Barbato emphasized that while there has been sweeping change, it’s important to note how difficult it was for those who broke the story to do so.
“There has been change, but it’s important to understand just how difficult it can be for certain stories like this to see the light of day,” Barbato explained to Salon. “It is the persistence and hard work of so many people, clearly Ronan at the forefront, being relentless to tell this story against so many odds, against a corporation saying, ‘no, we’re not going to move this story forward.’ Thankfully for all of us, he, with the help of others, kept persisting.”
Farrow, the son of actor Mia Farrow and director Woody Allen, has seen his share of controversy. His sister, Dylan Farrow, accused Allen of sexual abuse. Allen ultimately married another of Farrow’s sisters, Soon-Yi Previn, allegedly courting her well before she was of legal age.
Farrow’s perspective keenly sharpens his take on the saga of Harvey Weinstein and undoubtedly was a driving force behind his relentless pursuit of the truth.
The directors feel the series ‘pulls back the veil’ on investigative reporting
With Farrow already having written a critically acclaimed book on the topic and the ensuing fallout and an accompanying podcast to boot, the directors felt the series could still bring something new to the table.
“When you see the people Ronan interviewed, and can put a face to the voice, it creates another dimension,” Bailey told Salon. “We were so honored to be able to present and show the victims of Harvey Weinstein over many years.”
Bailey also said the series was a chance to show what goes into such a grueling pursuit.

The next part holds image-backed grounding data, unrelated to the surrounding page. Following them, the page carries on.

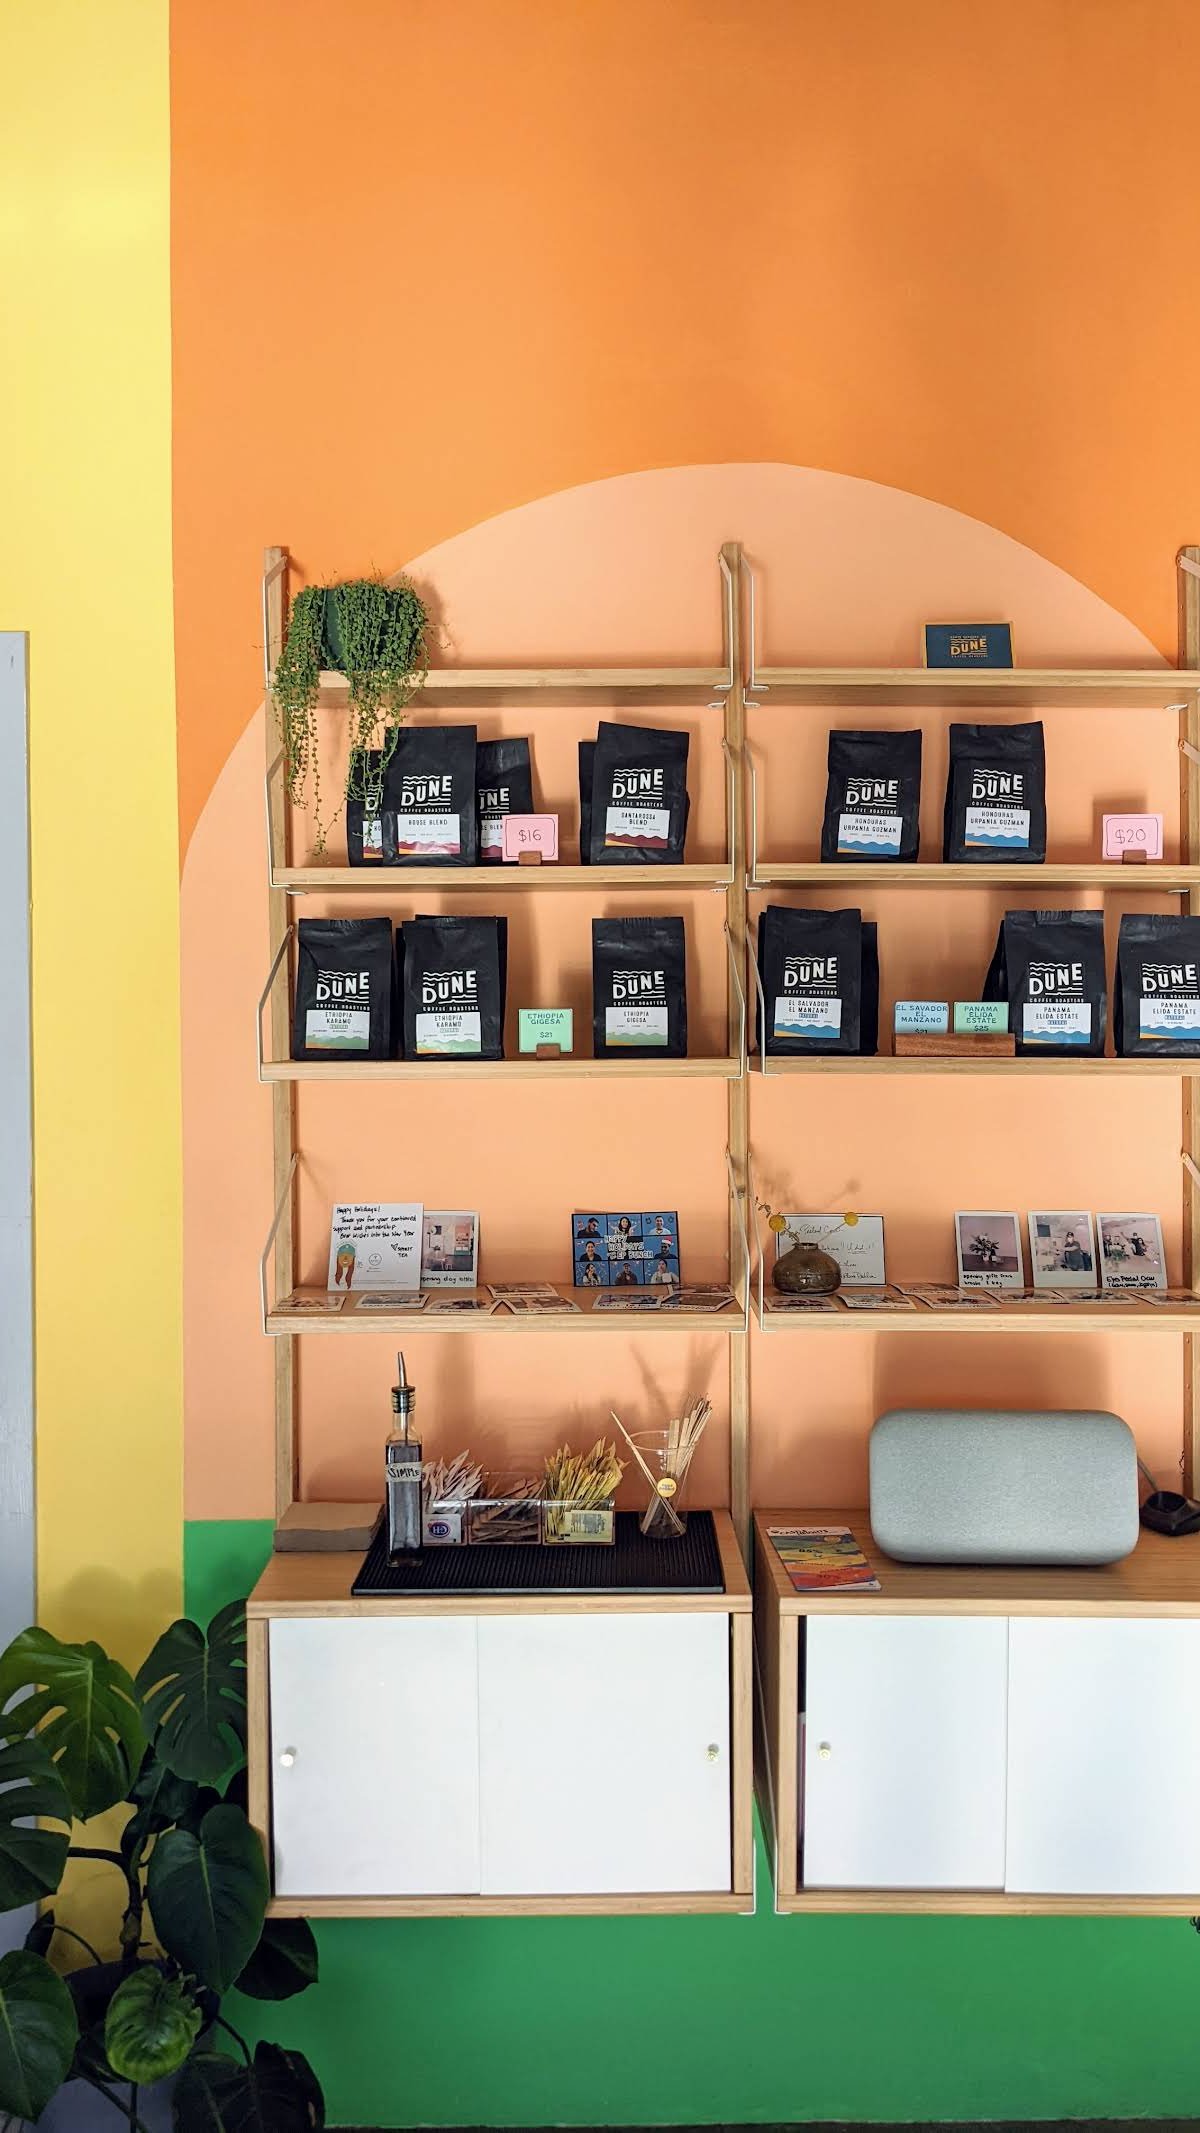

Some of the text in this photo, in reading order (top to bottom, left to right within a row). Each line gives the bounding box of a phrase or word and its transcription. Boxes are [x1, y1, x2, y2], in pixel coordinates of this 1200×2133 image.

[951, 638, 988, 655] DUNE
[401, 776, 452, 806] DUNE
[612, 769, 663, 799] DUNE
[846, 780, 898, 804] DUNE
[972, 774, 1023, 799] DUNE
[854, 818, 887, 826] HONDURAS
[518, 829, 542, 843] $16
[1115, 828, 1147, 844] $20
[612, 970, 665, 999] DUNE
[784, 957, 837, 987] DUNE
[1029, 963, 1083, 995] DUNE
[1142, 964, 1197, 992] DUNE
[316, 971, 370, 1001] DUNE
[422, 970, 477, 1004] DUNE
[443, 1276, 456, 1284] day
[388, 1467, 420, 1478] SIMPLE

“It pulls back the veil and shows you it actually is really hard to bring someone to account, and investigative reporting is hard, difficult, even at times dangerous work,” he said.
As for Harvey Weinstein, Bailey noted that the journey had clarified the degree to which Weinstein destroyed lives. “He’s just a villain of the most extraordinary degree, and deserves no compassion, and I hope finds no legal recourse to escape the consequences of his action, the lives he’s destroyed,” said Bailey. “It completely erases his cultural contributions.”
Farrow concurrently appears in Allen v. Farrow
Farrow also appears on HBO in Allen v. Farrow, a documentary centered around Dylan Farrow’s sexual abuse case against her father Woody Allen — and the war he waged against Dylan’s mother, Mia.
Undoubtedly it all plays into Farrow contributing a broader perspective — one that emanates both sympathy for the abuses women have suffered and appropriate contempt for the organized bullying tactics used to silence them.
“Ronan is formidable,” said Bailey. “He doesn’t do anything in half-measures. He doesn’t do anything at a distance of arm’s length.”
And that, perhaps, is why Farrow’s work has been so devastatingly effective.